I'm learning how VCOs work, and I'm feeding it a sawtooth waveform to see the impact on my WiFi. This VCO outputs in a 2.4ghz spectrum, and to understand how it sweeps, I'm passing in a sawtooth waveform and watching how it impacts my laptop wireless (ping drops).

But I'm only seeing my WiFi drop out when I send garbage to the VCO. What am I doing wrong? I would expect that the sawtooth would make the VCO sweep across the frequency, knocking out my WiFi.

I've tuned the sawtooth voltage to match the VCO tuning need ( 0 - 2.4v). I have a 555 creating the sawtooth, and a MAXIM 2750 VCO to create the frequency.

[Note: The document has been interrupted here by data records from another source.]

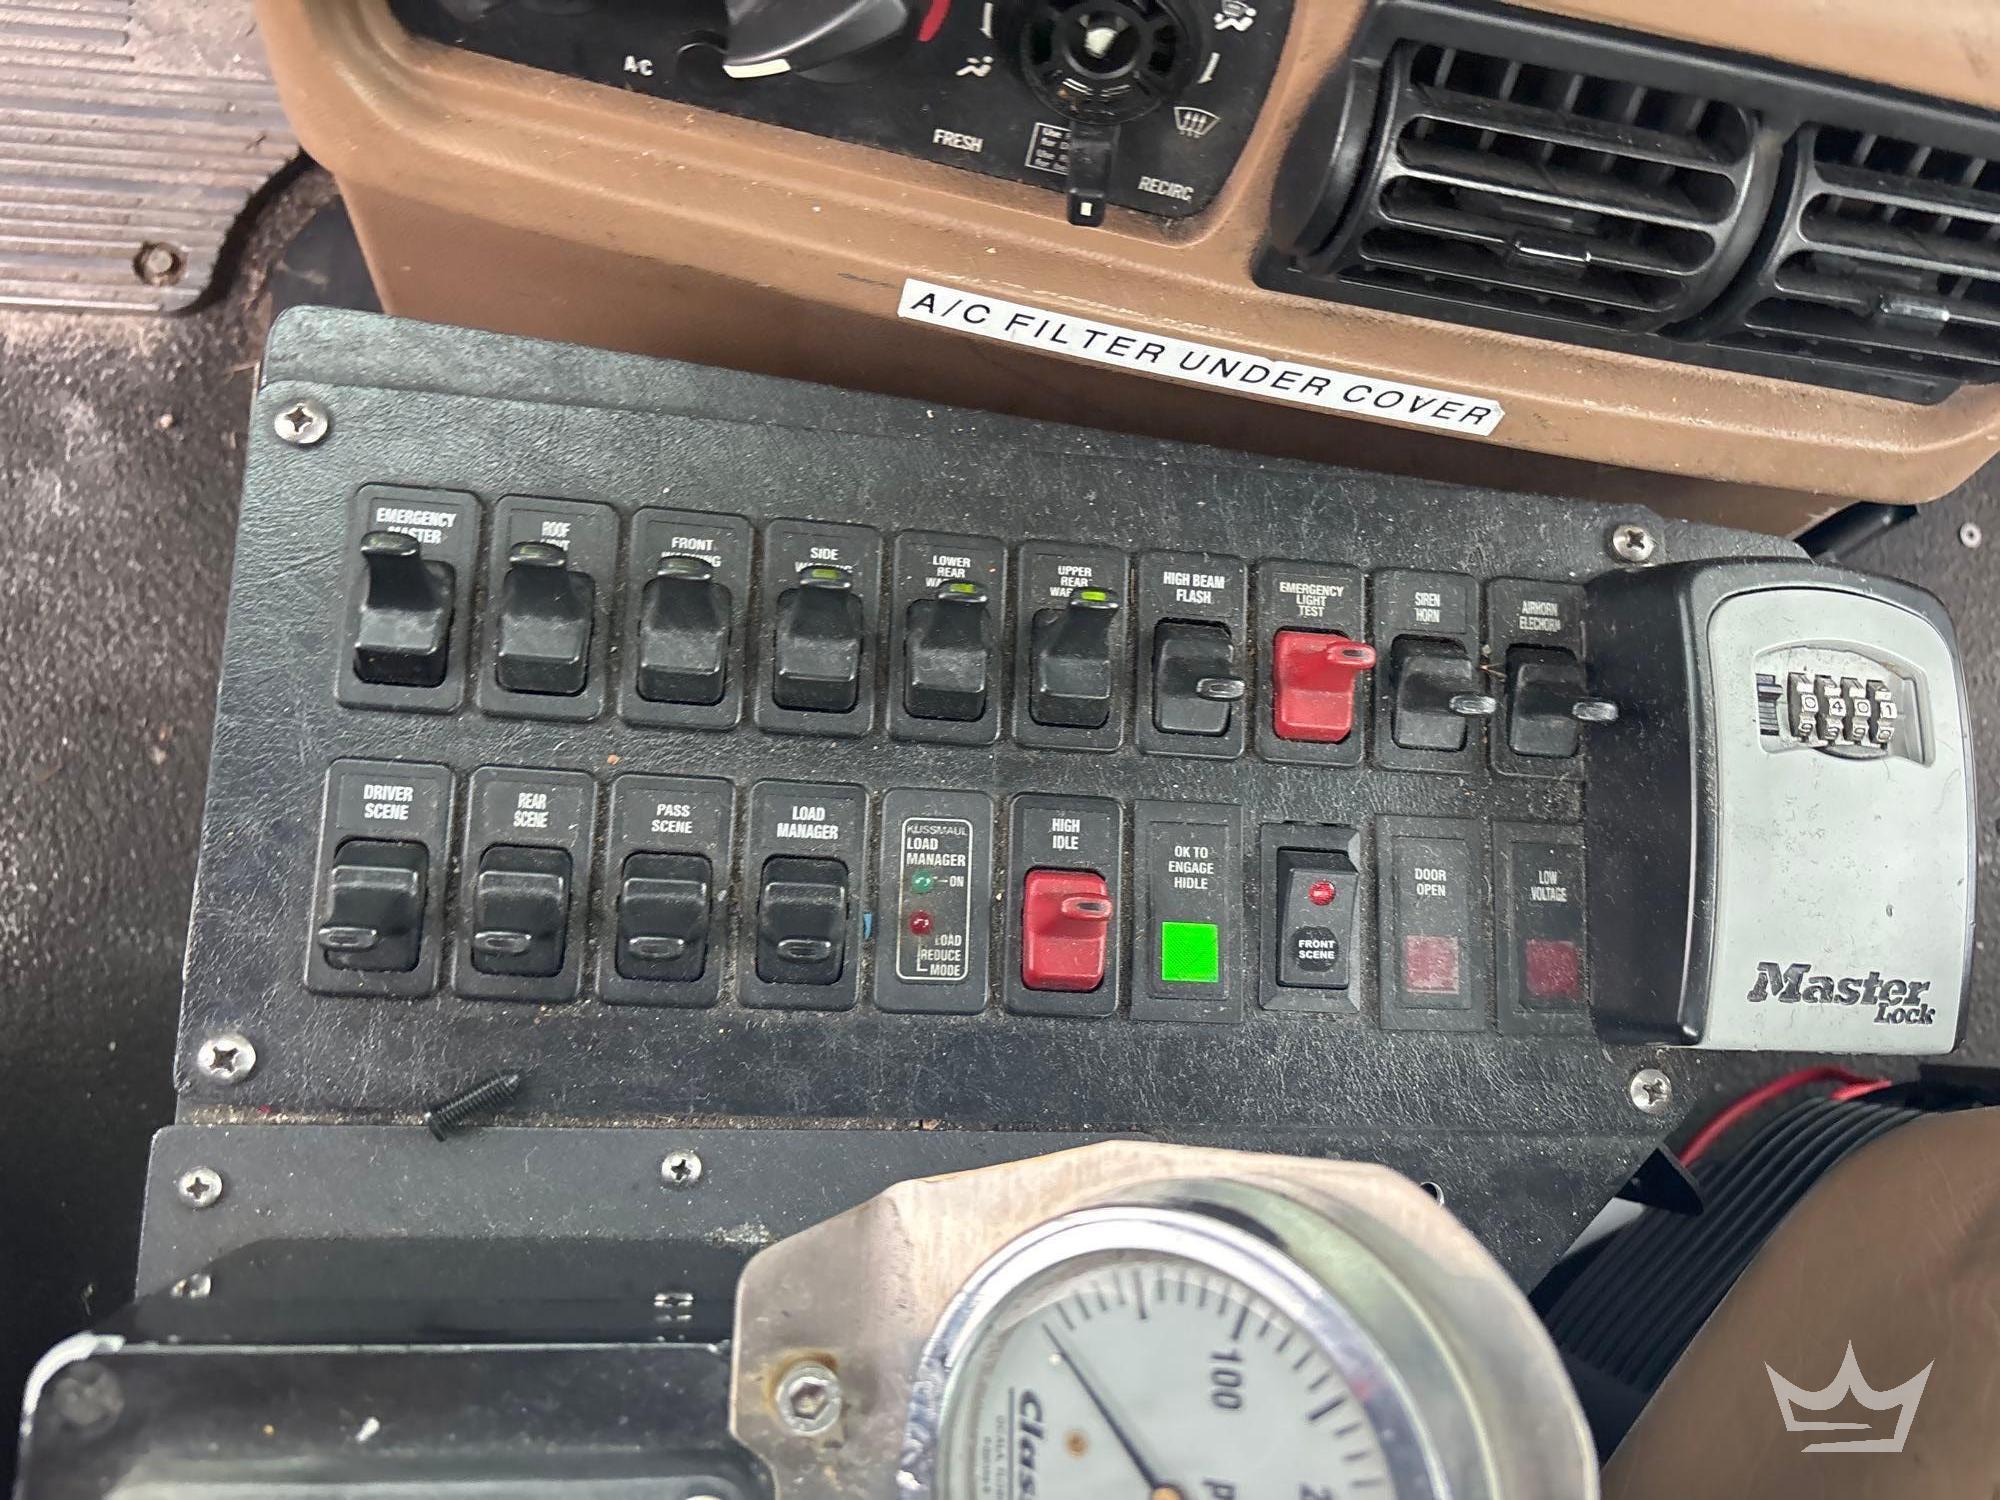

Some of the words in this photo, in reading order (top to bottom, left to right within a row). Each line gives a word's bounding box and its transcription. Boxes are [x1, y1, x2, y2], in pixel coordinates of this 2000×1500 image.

[933, 128, 983, 153] FRESH
[1138, 176, 1194, 201] RECIRC
[910, 292, 991, 324] A/C
[1004, 313, 1166, 363] FILTER
[1180, 351, 1331, 396] UNDER
[1343, 385, 1492, 426] COVER
[376, 507, 457, 528] EMERGENCY
[671, 536, 715, 551] FRONT
[810, 547, 840, 561] SIDE
[932, 555, 971, 568] LOWER
[936, 567, 966, 578] REAR
[1057, 565, 1093, 577] UPPER
[1060, 576, 1089, 588] REAR
[1163, 571, 1190, 586] HIGH
[1192, 573, 1226, 589] BEAM
[1176, 588, 1212, 604] FLASH
[1279, 581, 1345, 597] EMERGENCY
[1296, 594, 1328, 606] LIGHT
[1414, 591, 1441, 607] SIREN
[1299, 605, 1325, 617] TEST
[1415, 607, 1441, 623] HORN
[363, 784, 413, 801] DRIVER
[518, 792, 547, 809] REAR
[364, 802, 409, 821] SCENE
[656, 803, 691, 818] PASS
[792, 805, 825, 821] LOAD
[513, 810, 549, 828] SCENE
[651, 818, 693, 834] SCENE
[1051, 817, 1080, 834] HIGH
[776, 822, 839, 840] MANAGER
[906, 837, 939, 850] LOAD
[1052, 834, 1079, 851] IDLE
[906, 852, 967, 867] MANAGER
[1174, 845, 1192, 859] OK
[1193, 846, 1209, 860] TO
[1168, 860, 1214, 875] ENGAGE
[1414, 867, 1447, 882] DOOR
[949, 875, 965, 888] ON
[1174, 875, 1209, 890] HIDLE
[1538, 870, 1558, 885] LOW
[1416, 883, 1446, 897] OPEN
[1530, 886, 1568, 902] VOLTAGE
[935, 934, 963, 947] LOAD
[1298, 939, 1336, 949] FRONT
[921, 949, 962, 962] REDUCE
[1298, 950, 1336, 960] SCENE
[930, 964, 961, 977] MODE
[1746, 961, 1931, 1007] Master
[1873, 1002, 1936, 1025] Lock
[1209, 1349, 1243, 1411] 100
[1019, 1388, 1045, 1500] Clas

Scenario 1: Feeding a sawtooth waveform, WiFi millisecond pings don't change. Blue = waveform OUT to VCO. Yellow = 555 digital OUT

555 Sawtooth. Yellow is 555 digital OUT, Blue is the sawtooth OUT

Scenario 2: I pull the capacitor from the 555 wavetooth circuit, passing noise, and the WiFi drops out. Blue = waveform OUT to VCO. Yellow = 555 digital OUT

Sawtooth circuit without capacitor sink. Yellow is 555 OUT, Blue is waveform OUT

Sawtooth Oscillator

Play with sawtooth circuit here

  • \$\begingroup\$ You'll always cause more interference by transmitting noise than by sweeping across frequencies. The sweep rate on the VCO may also be too fast, as WiFi only uses a 20 MHz channel for uplink/downlink, and the datasheet for the VCO shows a sweep rate of 140 MHz/V applied. \$\endgroup\$ Jul 1, 2016 at 17:18
  • \$\begingroup\$ @captainj2001 that make sense, thanks. And here I thought I was doing the "right" thing by using a sweep, where noise is perfectly fine! \$\endgroup\$ Jul 2, 2016 at 21:00

2 Answers 2


Your WiFi radio is essentially a packet radio, and transmits and receives packets (called "frames" in the 802.11 protocol) of data when there is data traffic.

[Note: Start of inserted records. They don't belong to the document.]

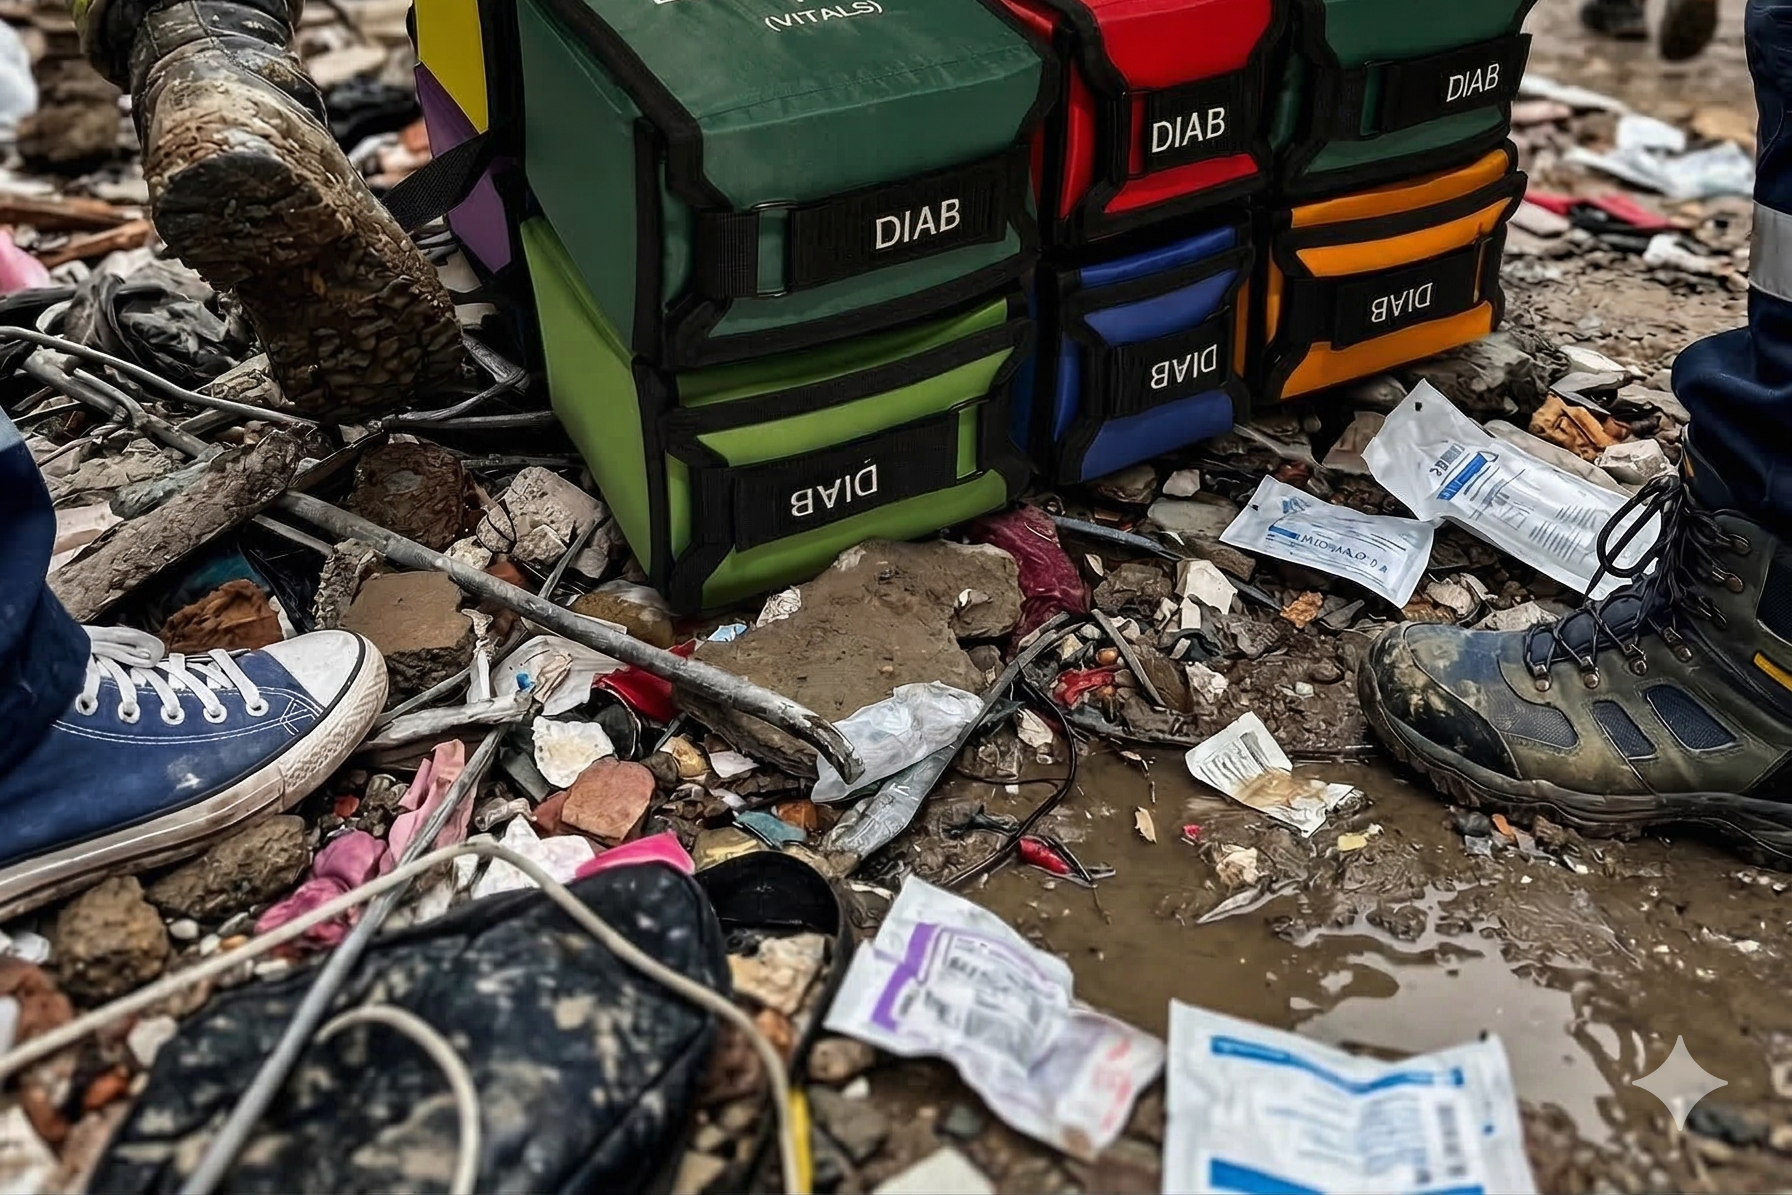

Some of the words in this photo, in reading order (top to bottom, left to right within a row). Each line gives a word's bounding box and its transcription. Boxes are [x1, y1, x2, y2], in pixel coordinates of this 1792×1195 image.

[764, 0, 883, 32] (VITALS)
[1446, 63, 1500, 103] DIAB
[1151, 107, 1225, 153] DIAB
[875, 198, 960, 250] DIAB
[1371, 282, 1433, 323] DIAB
[1150, 343, 1219, 390] DIAB
[790, 463, 878, 517] DIAB

When you drive the VCO with a sawtooth, if your linearly-sweeping VCO output happens to hit your WiFi channel frequency band during a ping packet transmission, it may cause an error in that packet, and the WiFi protocol will then request a retransmission, by which time the VCO frequency will have "moved on" to a different WiFi channel. Because the VCO sweeps relatively slowly (compared to the ping packet transmission rate), your chances of hitting a packet are quite low, unless you are almost filling the channel with packets (like downloading a large file from your local network drive).

However, when you drive the VCO with noise, it's frequency hops around really rapidly, and the chances of it hitting your WiFi channel frequency during a ping packet transmission are greatly increased, hence the consequent drop of your WiFi channel.

  • \$\begingroup\$ Ahh, I see - thanks. So I'd need to be in lockstep somehow. The VCO manual says it does 140MHZ/V, so I'd have to take the 20MHZ WiFi bandwidth, slow down the VCO sweep to match. \$\endgroup\$ Jul 1, 2016 at 23:12

If you look at the frequency spectrum for your 3 kHz sawtooth, you will only see energy at 3 kHz, 6 kHz, 9 kHz, 12 kHz.... These would show up as offsets from the carrier frequency (e.g., 2.400003 GHz, 2.399997 GHz, 2.400006 GHz, ..., assuming your DC tuning voltage gives exactly 2.4 GHz) The energy is highest at 3 kHz offset and decreases at each harmonic (by 3 dB each, I think).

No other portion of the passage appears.